▶ **WHAT YOU NEED TO DO**: Omit the images and reproduce the rest of the entries exactly.

(Spatial localization data)
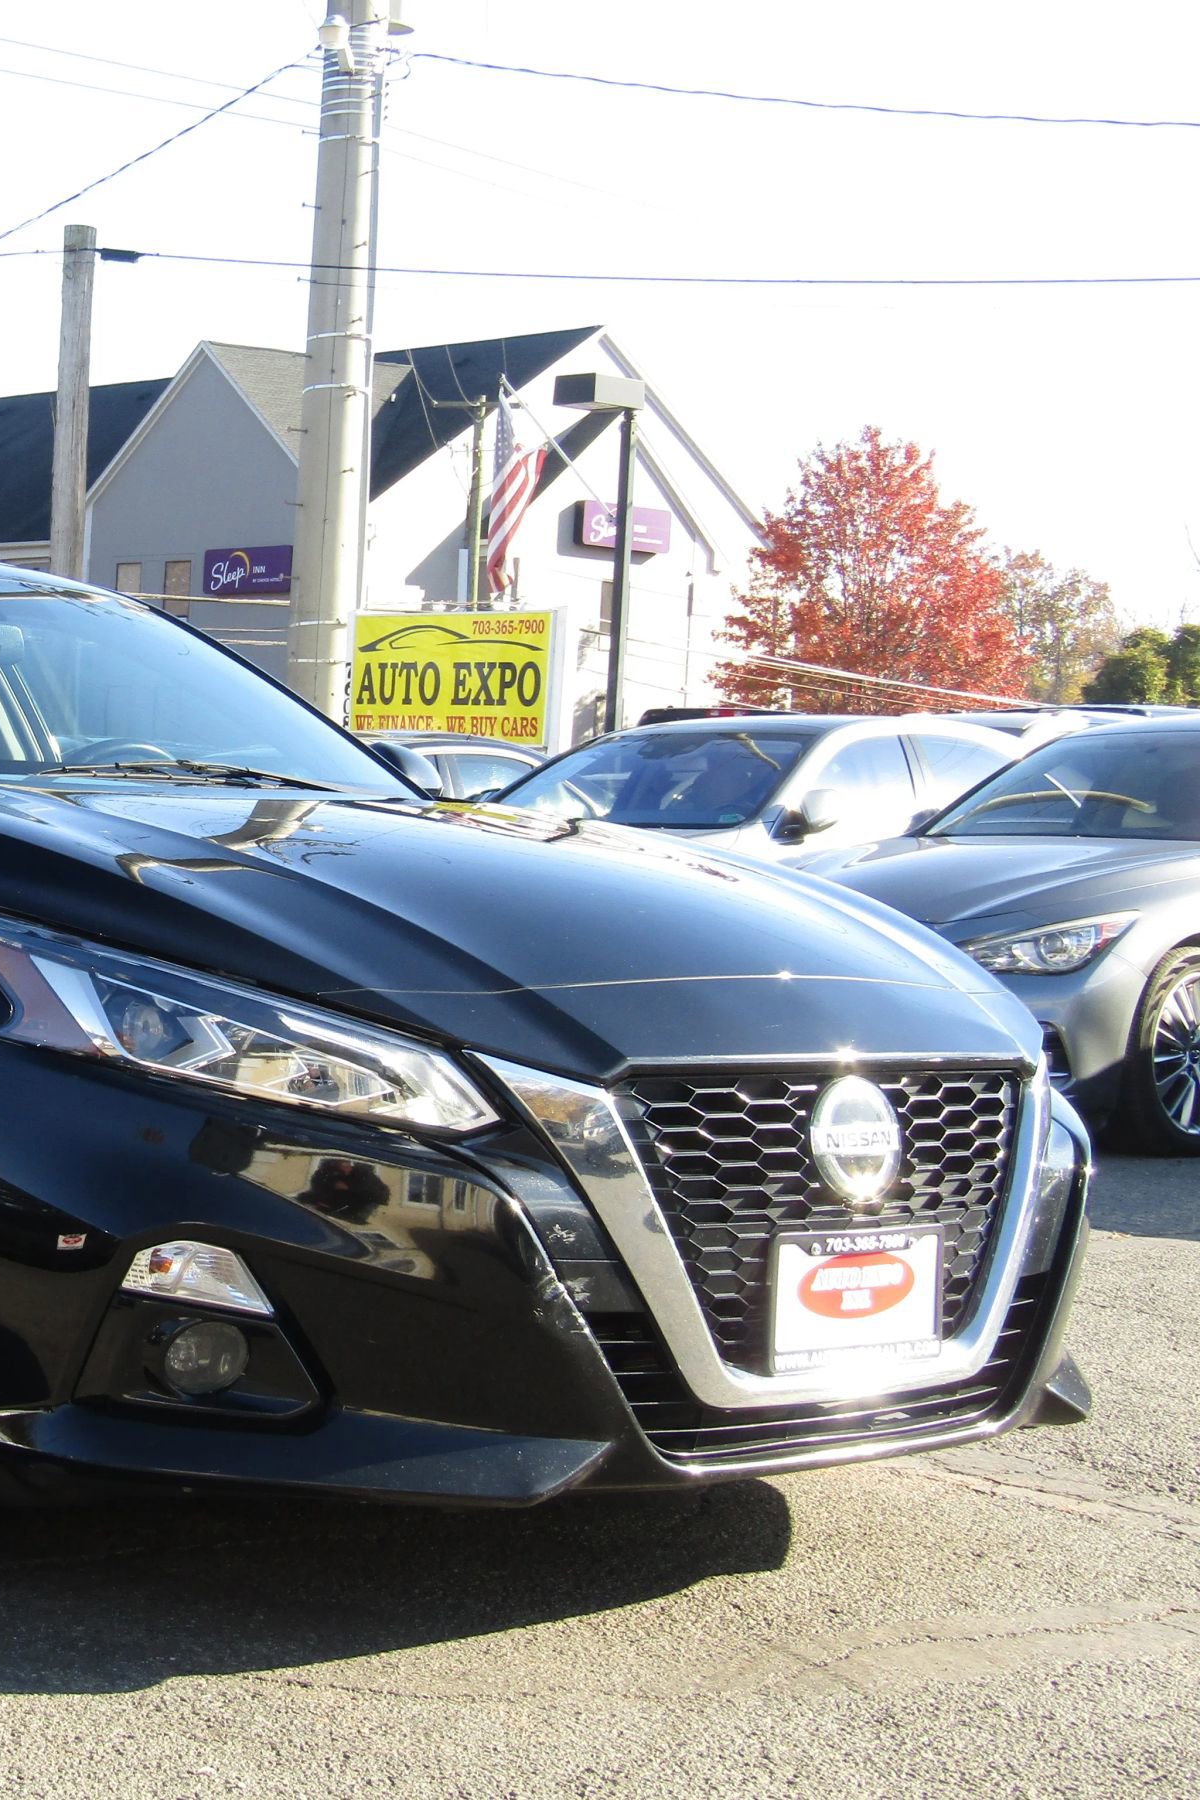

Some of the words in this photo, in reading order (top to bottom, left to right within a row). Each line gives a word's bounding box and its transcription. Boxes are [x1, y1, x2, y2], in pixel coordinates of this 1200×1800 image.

[210, 561, 246, 591] Sleep
[252, 565, 266, 574] INN
[472, 619, 545, 635] 703-365-7900
[356, 661, 441, 706] AUTO
[451, 661, 541, 708] EXPO
[355, 714, 375, 731] WE
[379, 714, 434, 731] FINANCE
[446, 715, 466, 734] WE
[471, 716, 498, 737] BUY
[501, 716, 538, 738] CARS
[826, 1130, 891, 1149] NISSAN

▶ **TASK RESPONSE**:
Some of the words in this photo, in reading order (top to bottom, left to right within a row). Each line gives a word's bounding box and its transcription. Boxes are [x1, y1, x2, y2], in pixel coordinates of this 1200×1800 image.

[210, 561, 246, 591] Sleep
[252, 565, 266, 574] INN
[472, 619, 545, 635] 703-365-7900
[356, 661, 441, 706] AUTO
[451, 661, 541, 708] EXPO
[355, 714, 375, 731] WE
[379, 714, 434, 731] FINANCE
[446, 715, 466, 734] WE
[471, 716, 498, 737] BUY
[501, 716, 538, 738] CARS
[826, 1130, 891, 1149] NISSAN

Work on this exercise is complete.